The EU’s largest economy, Germany, boosted trade with Kazakhstan 80% in the first half of 2022 and 111% with Uzbekistan, according to Bloomberg. 

“Kazakhstan is gradually beginning to drift away from Russia,” said Venediktov.

Uzbekistan, Central Asia’s second-largest economy, signed $15 billion worth of trade and investment deals with China at the SCO.

At the same time, the region has largely observed Western sanctions imposed on Russia for its attack on Ukraine. 

“Objectively, no one will close themselves off from Russia because their welfare depends on effective economic cooperation,” said Stanislav Pritchin, an expert on Central Asia at the Russian Academy of Sciences.

“But they will try to create an outward image that they’re not helping evade sanctions,” he added.

Banks in Kazakhstan, and to a lesser extent Uzbekistan and Kyrgyzstan, have largely closed a loophole that had allowed Russians to obtain Visa and Mastercard cards after the international payment firms exited Russia. 

And Kazakh, Kyrgyz and Uzbek banks this week suspended Russia’s Mir payment system — which Moscow touts as an alternative to Visa and Mastercard.
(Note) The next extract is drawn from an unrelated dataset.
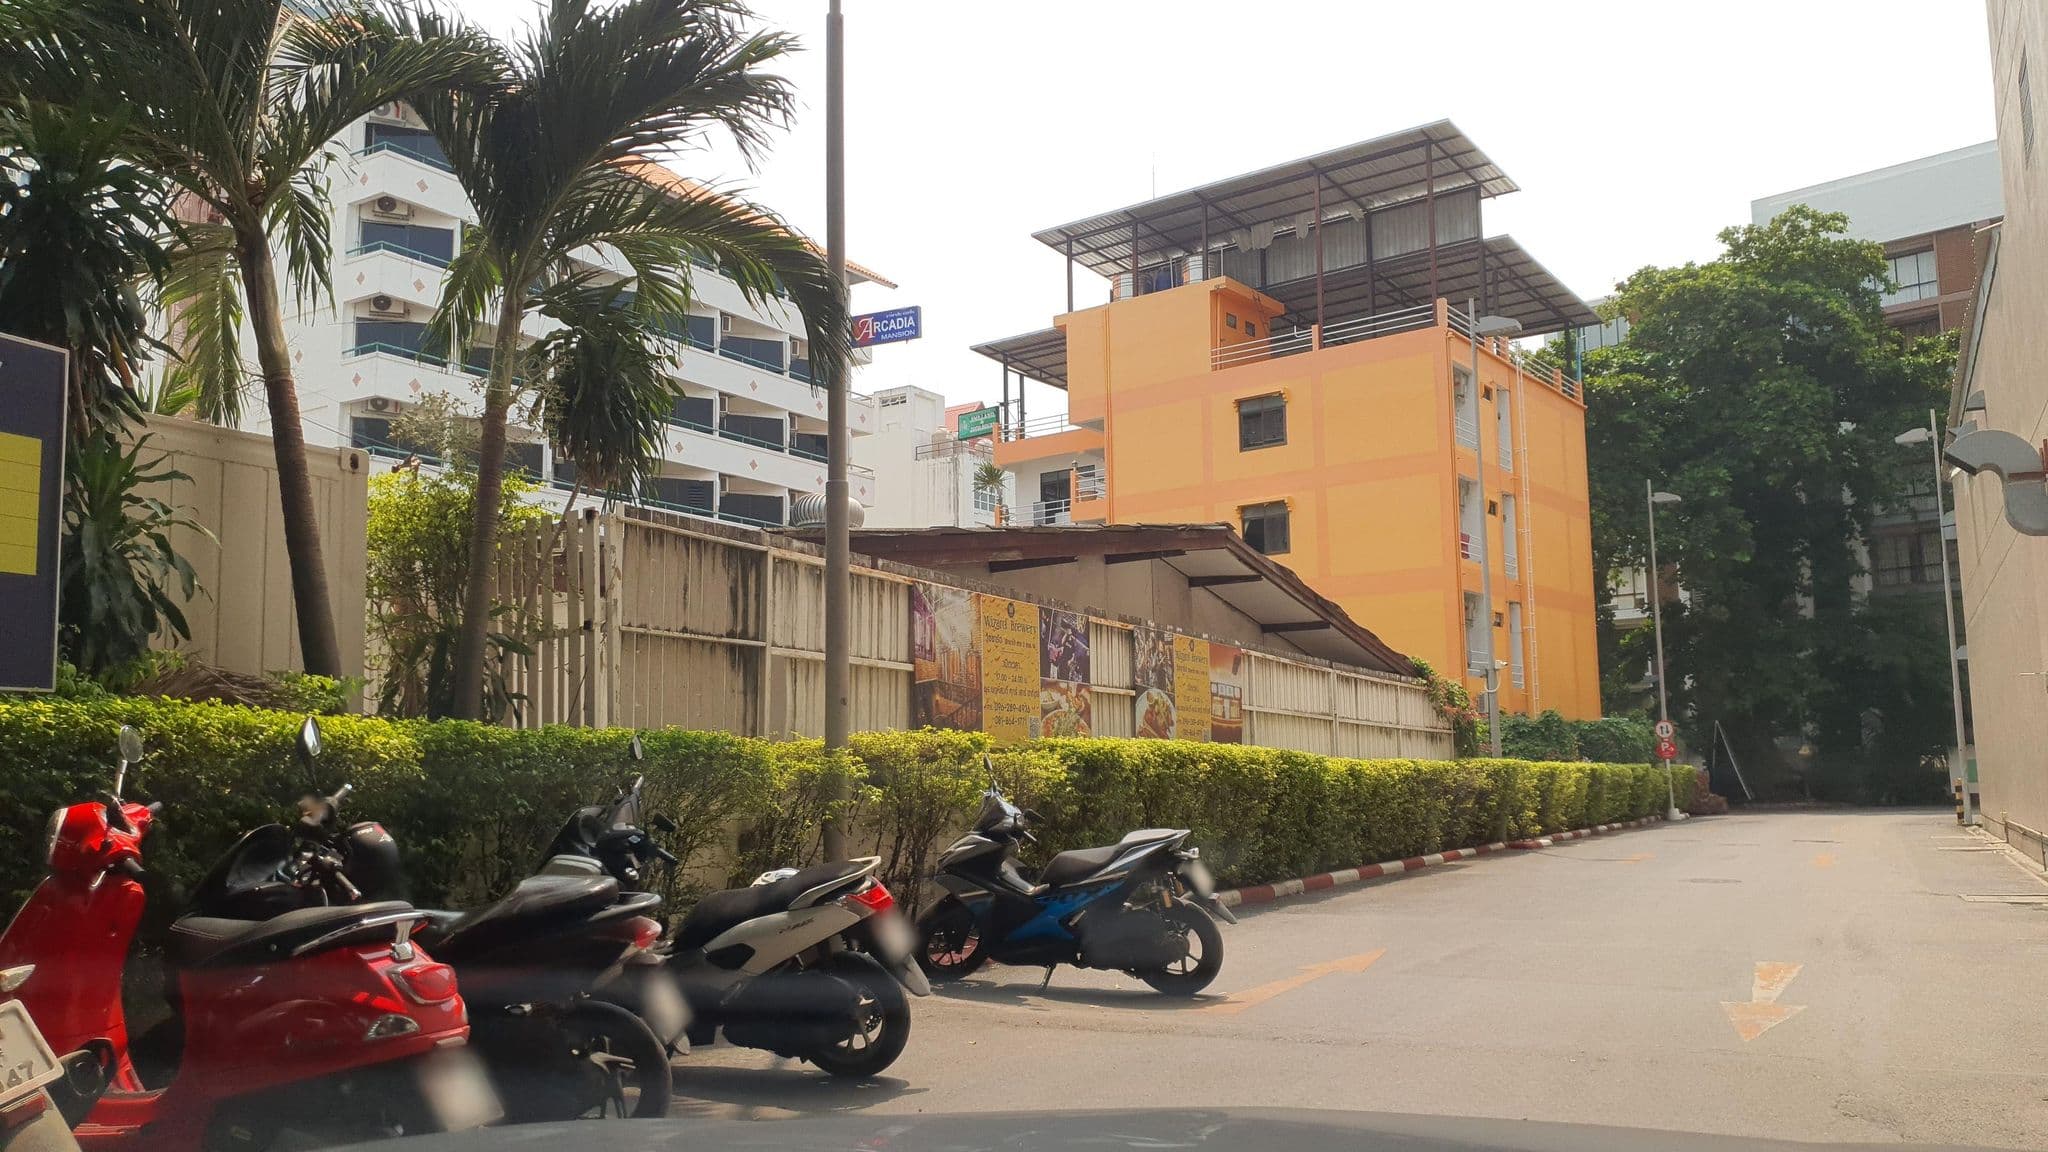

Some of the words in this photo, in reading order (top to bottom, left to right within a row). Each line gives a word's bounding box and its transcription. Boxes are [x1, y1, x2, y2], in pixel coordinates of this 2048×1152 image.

In addition, Russia’s top lender Sberbank sold its Kazakh subsidiary earlier this month and there have been reports of Kazakhstan detaining trucks filled with sanctioned European goods bound for Russia.

In both politics and economics, a period of Russian weakness has been a chance for Central Asian states to look further afield. 

“The conflict in Ukraine has given new life to the region’s efforts to balance their foreign policies,” said expert Stronski.